Rs = (1.38 x 10^(-23) J/K * 298 K) / (6 * π * 0.001 g/(cm·s) * 1.8 x 10^(-7) cm^2/s) ≈ 1.78 nm.
- Q: A protein requires 2 moles of ATP to fold properly. If 80% of the protein is correctly folded, how many moles of ATP are required to fold 0.5 mg of the protein?
A: Moles of ATP required = (Total moles of protein * ATP per mole) * Fraction folded = (0.5 mg * 1 mole/40,000 mg) * 0.80 = 0.00002 moles.
- Q: A protein with a molecular weight of 60 kDa has a diffusion coefficient of 2.4 x 10^(-7) cm^2/s. Calculate its Stokes radius (Rs).
A: Rs = (k * T) / (6 * π * η * D), where k is the Boltzmann constant, T is the absolute temperature, η is the solvent viscosity, and D is the diffusion coefficient.
Assume T = 298 K, k = 1.38 x 10^(-23) J/K, and η = 0.01 poise = 0.001 g/(cm·s).
Rs = (1.38 x 10^(-23) J/K * 298 K) / (6 * π * 0.001 g/(cm·s) * 2.4 x 10^(-7) cm^2/s) ≈ 1.69 nm.
- Q: Calculate the Michaelis constant (Km) for an enzyme with an initial velocity (V0) of 0.8
μmol/min and a substrate concentration of 0.1 mM.
A: Km = (Vmax / 2) / (V0 / [S]) – [S] = (0.8 μmol/min / 2) / (0.8 μmol/min / 0.1 mM) – 0.1 mM = 0.05 mM.
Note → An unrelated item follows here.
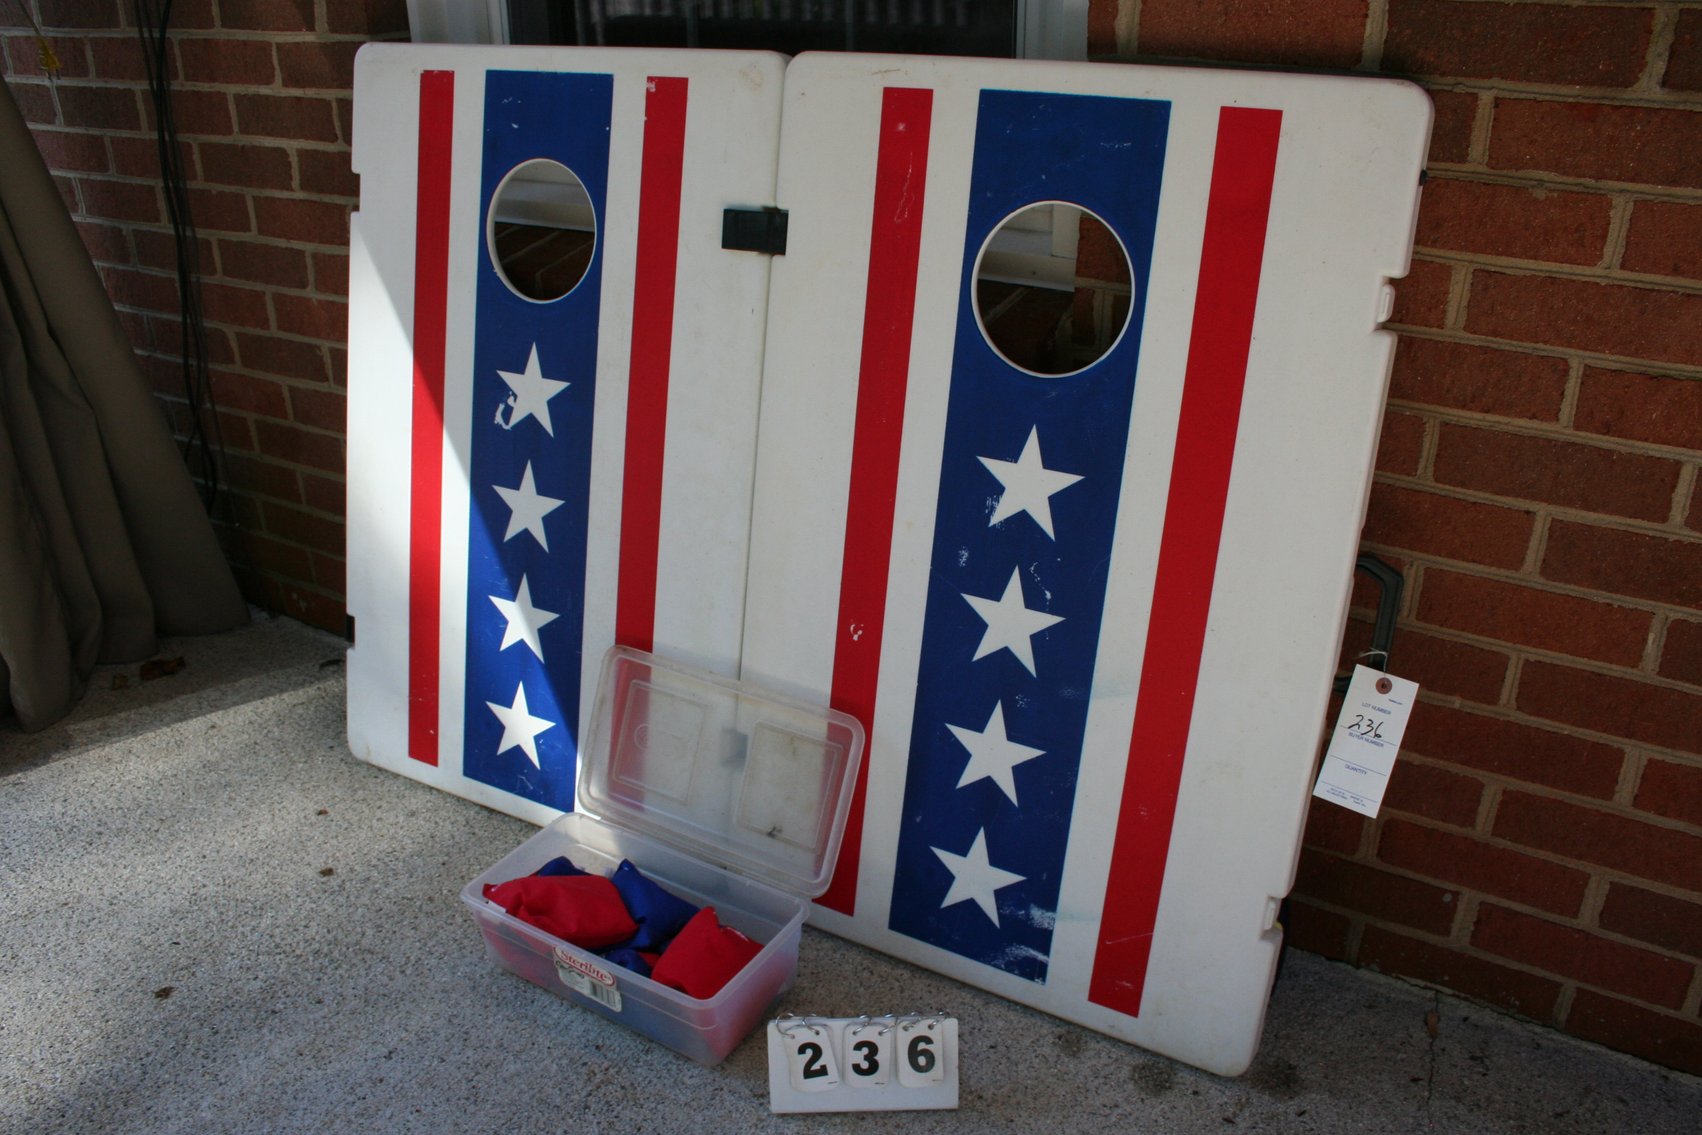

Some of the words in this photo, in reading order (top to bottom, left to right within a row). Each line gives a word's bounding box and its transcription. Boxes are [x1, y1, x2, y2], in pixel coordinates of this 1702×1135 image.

- Q: Given a protein’s turnover number (kcat) of 300 s^(-1) and a substrate concentration of 0.02 mM, calculate the initial velocity (V0) of the enzyme-catalyzed reaction.
A: V0 = kcat * [S] = 300 s^(-1) * 0.02 mM = 6 μM/s.
- Q: If a protein has a specific rotation of +25°, what is the observed rotation if the concentration is 0.5 mg/mL in a 0.5 dm tube?
A: Observed rotation = Specific rotation * Concentration * Path length = +25° * 0.5 mg/mL * 0.5 dm = +6.25°.